Skip the images and copy each record exactly as written.

Annotated photo localization data:
*** Begin section ***
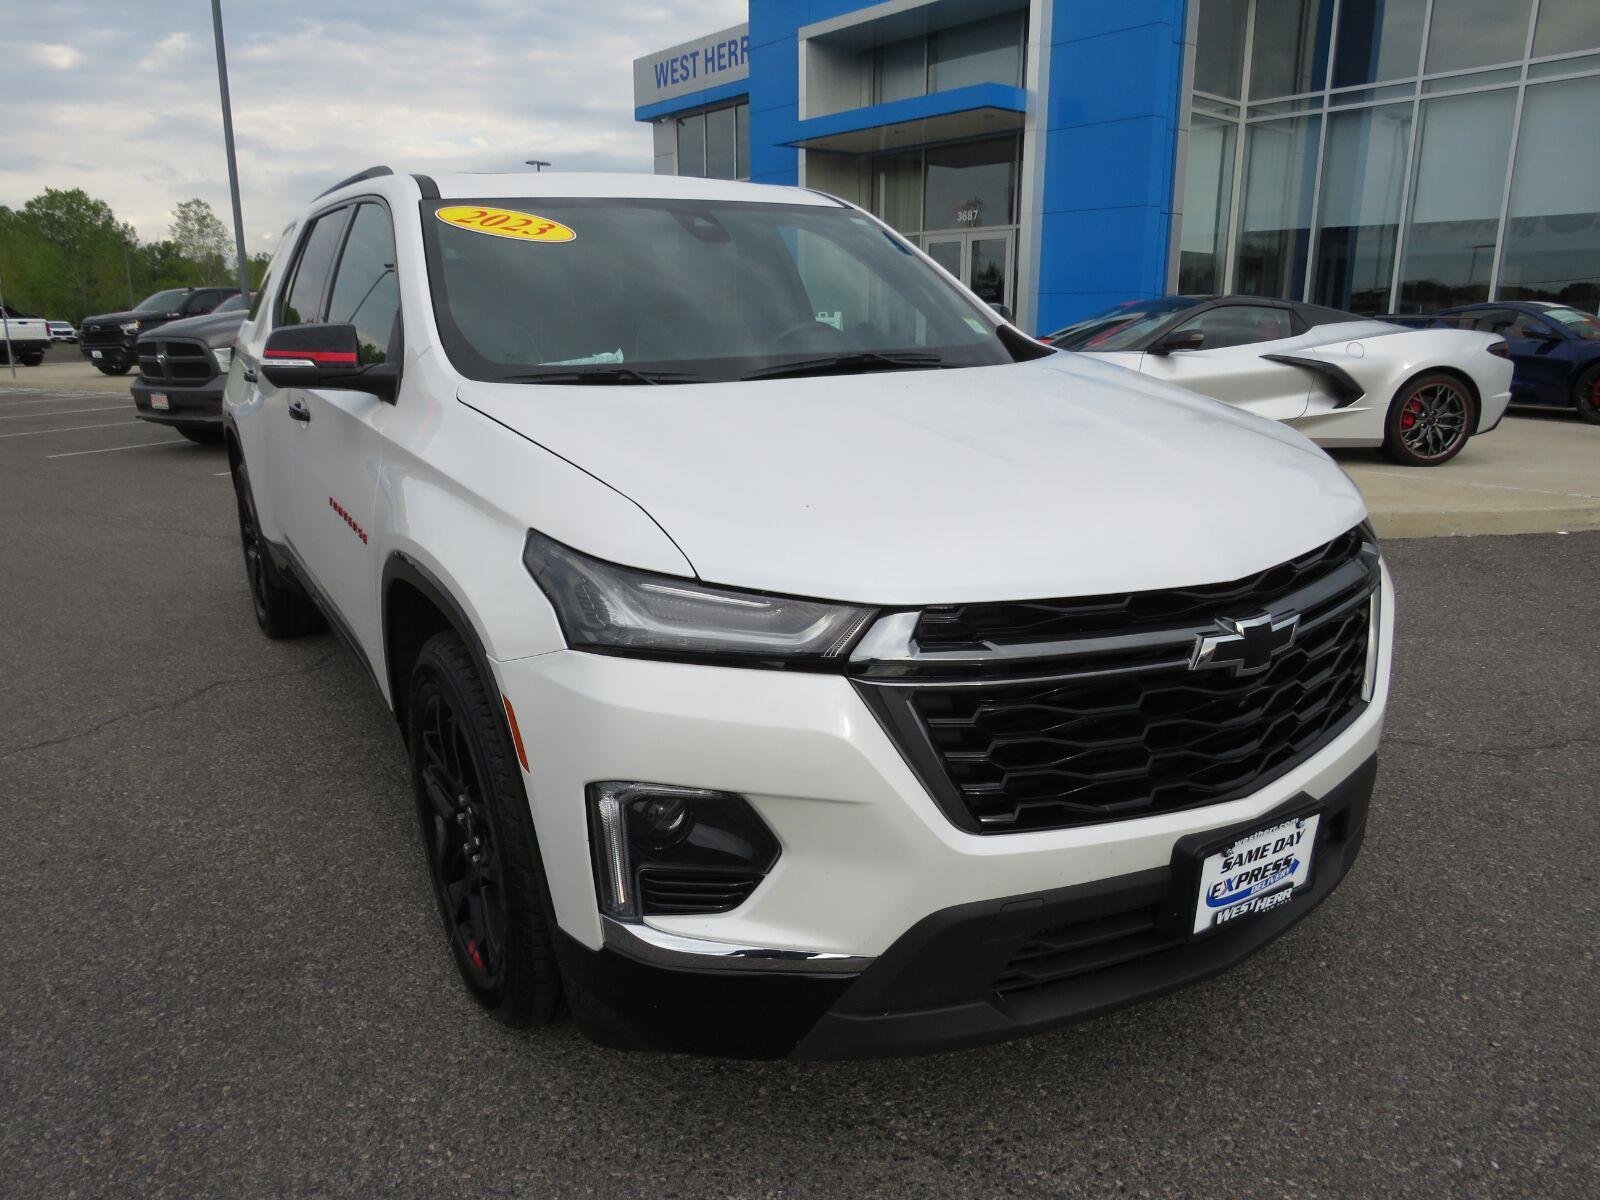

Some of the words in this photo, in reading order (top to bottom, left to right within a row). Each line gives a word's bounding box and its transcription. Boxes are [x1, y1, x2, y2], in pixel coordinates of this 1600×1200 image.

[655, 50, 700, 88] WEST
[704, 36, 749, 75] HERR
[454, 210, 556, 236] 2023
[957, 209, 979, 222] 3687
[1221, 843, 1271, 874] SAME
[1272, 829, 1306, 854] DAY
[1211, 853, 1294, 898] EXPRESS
*** End section ***
__Exercise solution__:
Some of the words in this photo, in reading order (top to bottom, left to right within a row). Each line gives a word's bounding box and its transcription. Boxes are [x1, y1, x2, y2], in pixel coordinates of this 1600×1200 image.

[655, 50, 700, 88] WEST
[704, 36, 749, 75] HERR
[454, 210, 556, 236] 2023
[957, 209, 979, 222] 3687
[1221, 843, 1271, 874] SAME
[1272, 829, 1306, 854] DAY
[1211, 853, 1294, 898] EXPRESS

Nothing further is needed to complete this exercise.